Immigrants and Mental Disorders
The World Health Organization (WHO) records that in 2019, there were over 250 million international migrants. They include refugees, asylum seekers, and irregular migrants who often need protection and support. Due to their exposure to various stressful situations before and during their migration journey and after reaching their destination, they often struggle with mental health issues that go unnoticed.
During the phase of settlement and integration, noncitizens and immigrants deal with immigration-related stressors. These include social marginalization, language barriers, cultural shock, isolation, anxiety, depression, post-traumatic stress disorder (PTSD), and increased suicidal thoughts and risk among immigrants.

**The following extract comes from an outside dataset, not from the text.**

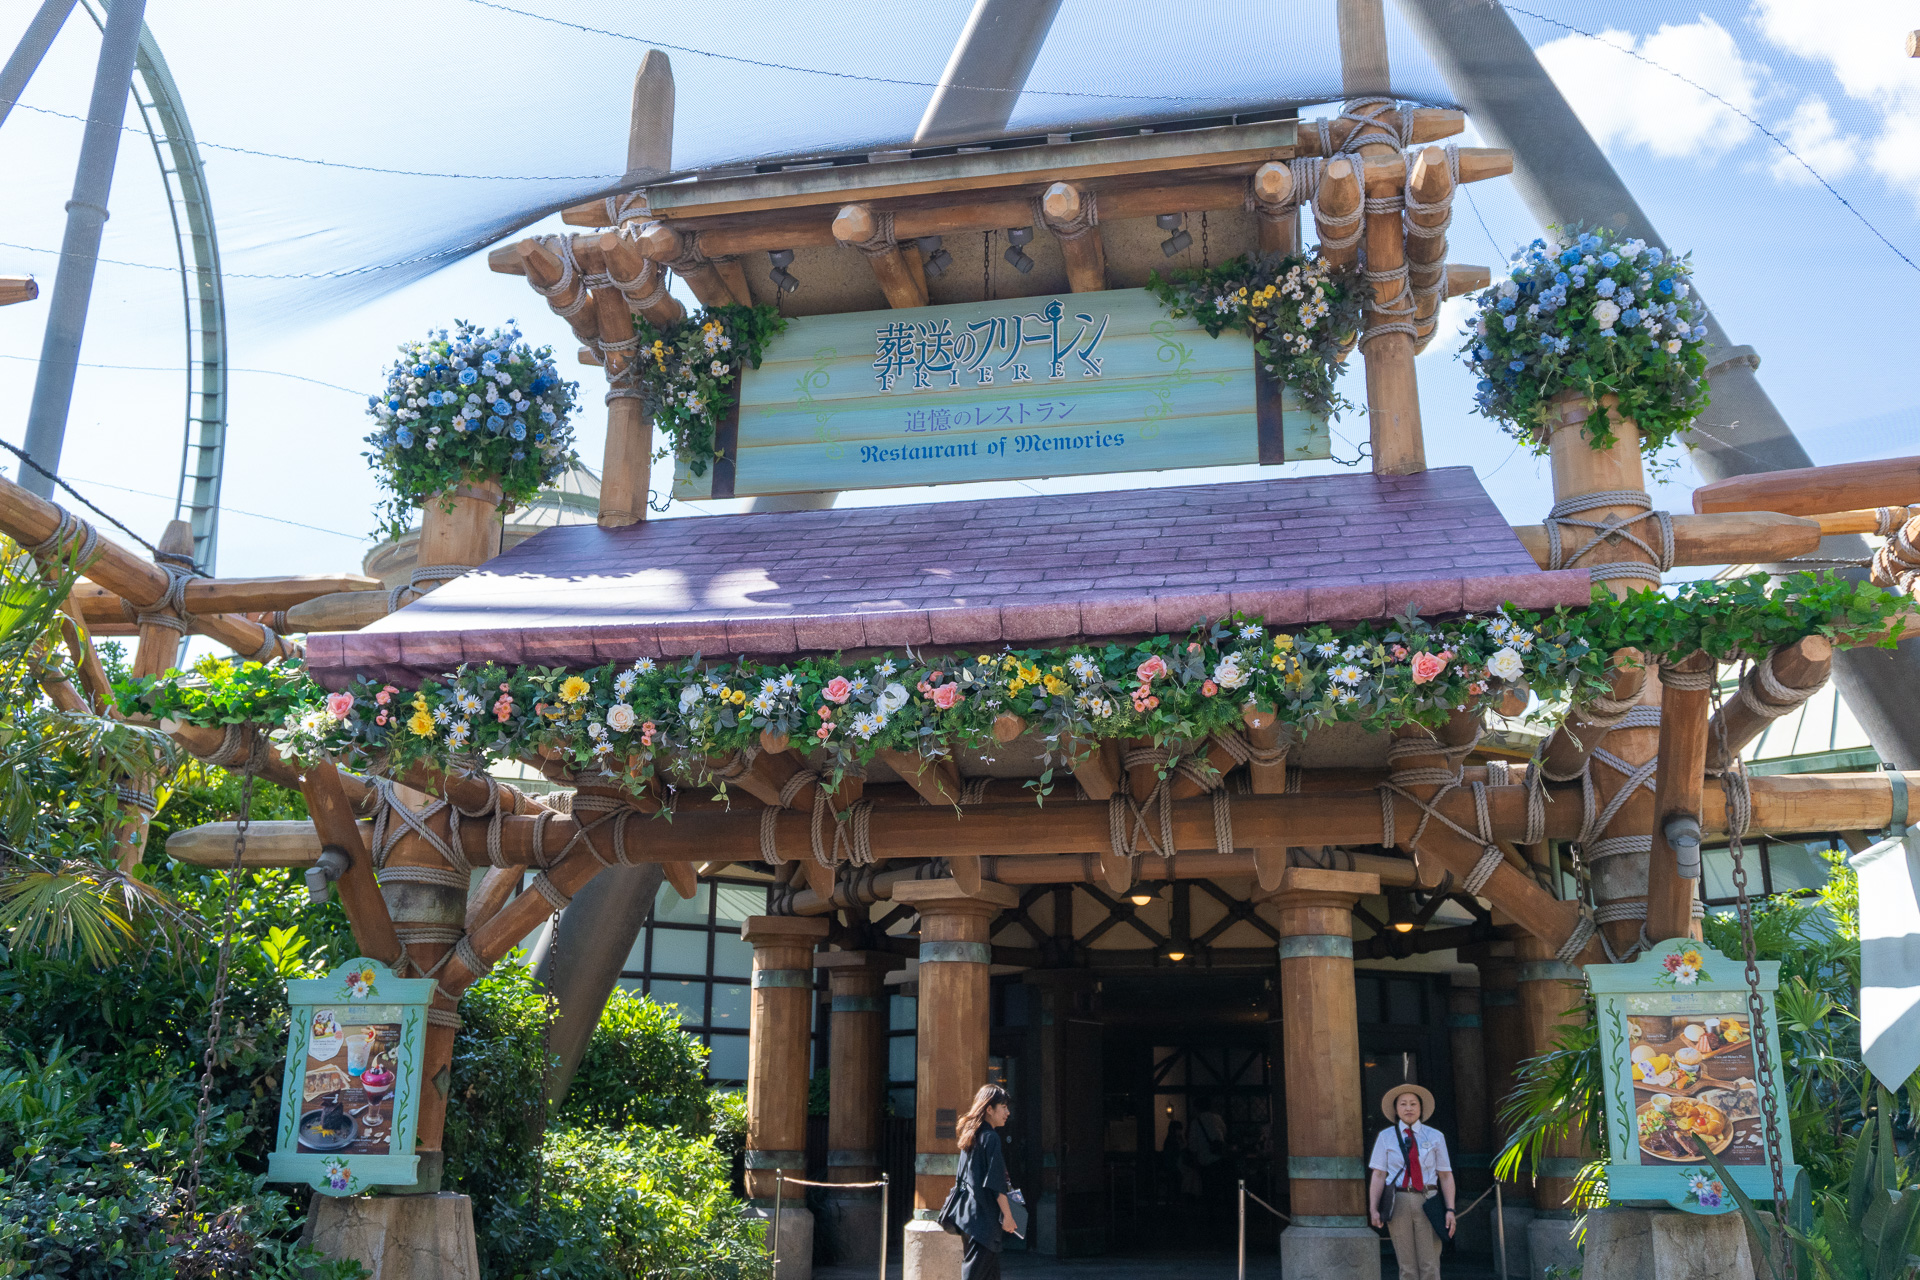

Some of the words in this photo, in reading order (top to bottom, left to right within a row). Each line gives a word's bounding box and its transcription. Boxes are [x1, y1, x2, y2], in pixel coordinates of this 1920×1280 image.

Some of these disorders can be higher among migrants exposed to adversity and refugees, reports WHO. For immigrants that have preexisting psychological disorders or psychosocial problems, any additional stress can cause them to go overboard. In reality, immigrants will benefit from extra care in mental and psychosocial support. Enabling them to integrate into their new society, as migrating from one country to another, evokes stress on individuals as they struggle to adjust to life in a foreign culture and context. Without this recognition and support, life may likely become unbearable for noncitizens with mental disorders. In addition to these challenges, the pandemic may increase cases and symptoms of poor mental health among immigrants leading to dire consequences on their immigration status such as detention, removal, or deportation.

ICE and Immigrants with Mental Health
In April 2022, the U.S agency overseeing Immigration and Customs activities, United States Immigration and Customs Enforcement (ICE), shared their new policies to protect further detained noncitizens and other immigrants with severe mental conditions or disorders. The new directive is covered in the agency’s ‘ICE Directive 11063.2 Identification, Recordkeeping, Safe Release and Communication, and Safe Release Planning for Detained Individuals with Serious Mental Disorders or Conditions,’. Under the new directive, emphasis is made on how to support the vulnerable population through identification, treatment, and monitoring.

According to Tae D Johnson, ICE Acting Director, the agency continues its efforts to implement directives and policies that support a humane, fair, and orderly immigration system. He explained that the directive reinforces the agency’s existing guidelines regarding treating detainees with a severe mental disorder or condition. The order covers the detainee’s removal, transfer, or safe release, as permitted by law.

Other areas covered by the new guidelines are summarized as follows:

  • Ensuring that ICE provides the information relevant to an individual’s severe mental disorder or condition to enable an immigration judge to determine the individual’s competence in representing themselves in removal proceedings;
  • Introducing additional safeguards before the transfer, release, or removal of individuals with severe mental conditions such as disorders or conditions and/or who are incompetent to represent themselves in removal proceedings
  • ICE must properly document all critical information regarding the detained noncitizens with a severe mental disorder or condition in specific systems.
  • Consistent with the agency’s national detention standards, everyone in their custody should receive a comprehensive examination by a qualified health care professional within 14 days of arrival at a detention facility.
  • And individuals identified as having severe mental disorders or conditions must be provided appropriate treatment and monitoring.

The new directive from ICE is undoubtedly a welcome development among noncitizens, especially the more vulnerable individuals and populations with mental health challenges and the aftermath of a lingering pandemic such as COVID-19.